Let’s consider the case of a hypothetical investment. You have the opportunity to invest **$15,000** today. At the end of a year, you’ll receive **$3,500** in income. This pattern will continue annually for the four subsequent years, giving you five total years with a total of **$17,500** earned for those five years. You’re curious what this corresponds to in terms of the IRR received.

Go ahead and build out a layout like you see below. Keep in mind, your initial investment of **$15,000** should be listed as a ** negative** number, since it’s a cash outflow. The subsequent cash inflows – of

**$3,500**annually – are listed as positive numbers.

Now, it’s time to create your IRR formula. This works by utilizing Excel’s built-in IRR function. Again, it’s possible to perform IRR calculations manually, but it’s quite difficult and can be extremely time-consuming. Your best, and most accurate option is to always use the IRR functions.

First, type your guess – your estimated IRR – into any empty cell, formatted as a percentage. Here, let’s use **12%.** Remember, you can skip this step, and Excel will default to **10%.**

Click into another empty cell, and type **=**. This tells Excel that you’ll be inputting a formula. Next, continue by typing **IRR,** then **(**. Your IRR formula is set up as:

=IRR(

Excel now asks for two inputs: **values** and **guess**. Again, the **guess** is optional, but we’ll include it here for illustrative purposes.

The values simply constitute your range of numbers. Unlike some Excel financial formulas, this will include your initial investment amount, along with the subsequent payments. In this example, those values reside in cells **B2:B7**. To easily add these to your formula, click and drag your cursor to select that range of cells. Then, type a comma. Your formula now reads:

=IRR(B2:B7,

Assuming you want to use the guess functionality, click into the cell containing your estimated IRR. We used **12%** here, and that value is in cell **D3.** Click into cell **D3,** then close your parentheses. Your IRR formula in Excel is now complete, and it reads:

=IRR(B2:B7,D3)

internal-rate-of-return-excel.jpg

Hit **Enter** on your keyboard, and Excel returns the IRR for this investment opportunity: **5%.**

If you continue adding time periods to your table and formula, the IRR begins to increase sharply. Thus, while you’ll receive a 5% IRR over five years, better rates could be obtained if you had additional years of earning power.

## How to Find XIRR in Excel

Remember, the IRR function works only for regularly-scheduled cash flows over identical intervals. But in the real world, that isn’t always possible. Imagine now that you have the opportunity to invest **$1,000.** In six months, you’ll receive **$400** in income. One year later, you’ll receive **$900.** Of course, those two intervals are very different in length. The IRR function simply won’t work.

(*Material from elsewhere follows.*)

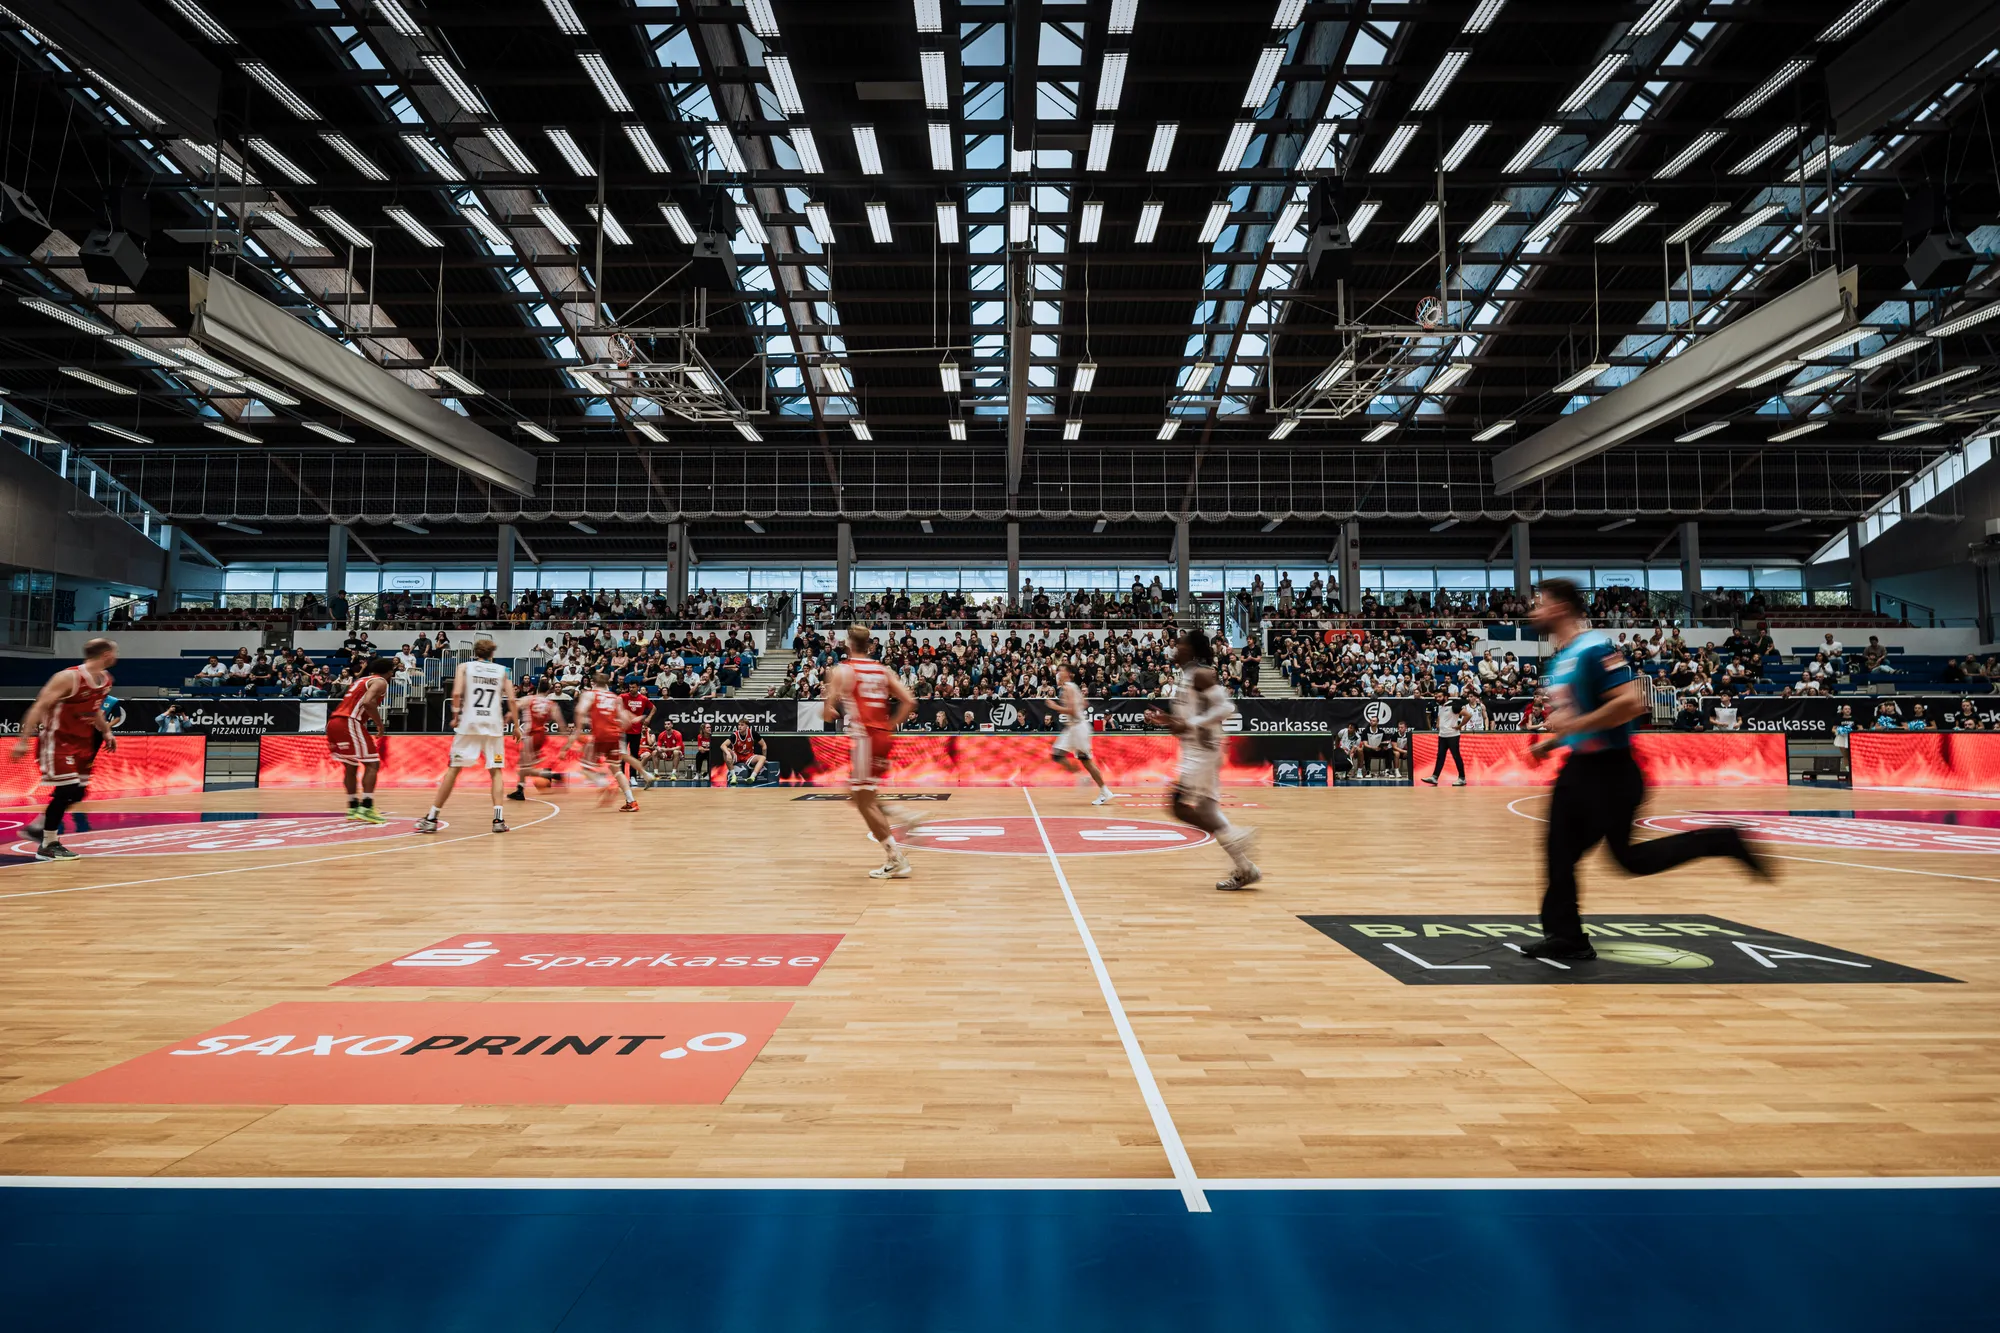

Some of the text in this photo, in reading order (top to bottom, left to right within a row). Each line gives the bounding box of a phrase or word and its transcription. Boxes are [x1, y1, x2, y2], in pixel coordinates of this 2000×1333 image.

Instead, you’ll need to use a related Excel function: **XIRR.** It performs the same basic duty, but it works with irregular timespans.

This will cause a minor adjustment to the layout of your spreadsheets. Predictably, for the **XIRR** function to work, it will need to know the dates. Add them into a column immediately beside the list of payments.

Then, add a **guess** (optional, again), and click into a second empty cell. Type **=**, as always in Excel, then open up the XIRR formula by typing** XIRR(**.

Your formula reads:

=XIRR(

Excel will ask for three inputs: the values, the dates, and your guess. The values are the numbers in cells **C2:C4.** Click and drag to select the range, then type a comma. The dates are in **D2:D4, **so again repeat the click-and-drag process to add them to your formula with a comma at the end. So far, you have:

=XIRR(C2:C4,D2:D4,

Finally, click on the cell containing your guess, **F2.** Close the parentheses, and review your formula:

=XIRR(C2:C4,D2:D4,F2)

Hit **Enter** on your keyboard, and Excel returns your XIRR: **25%.**

As you can see, the related **IRR** and **XIRR** functions make it easy to calculate rates of return in Excel. This helps you make better, smarter financial and investment decisions, no tedious math required!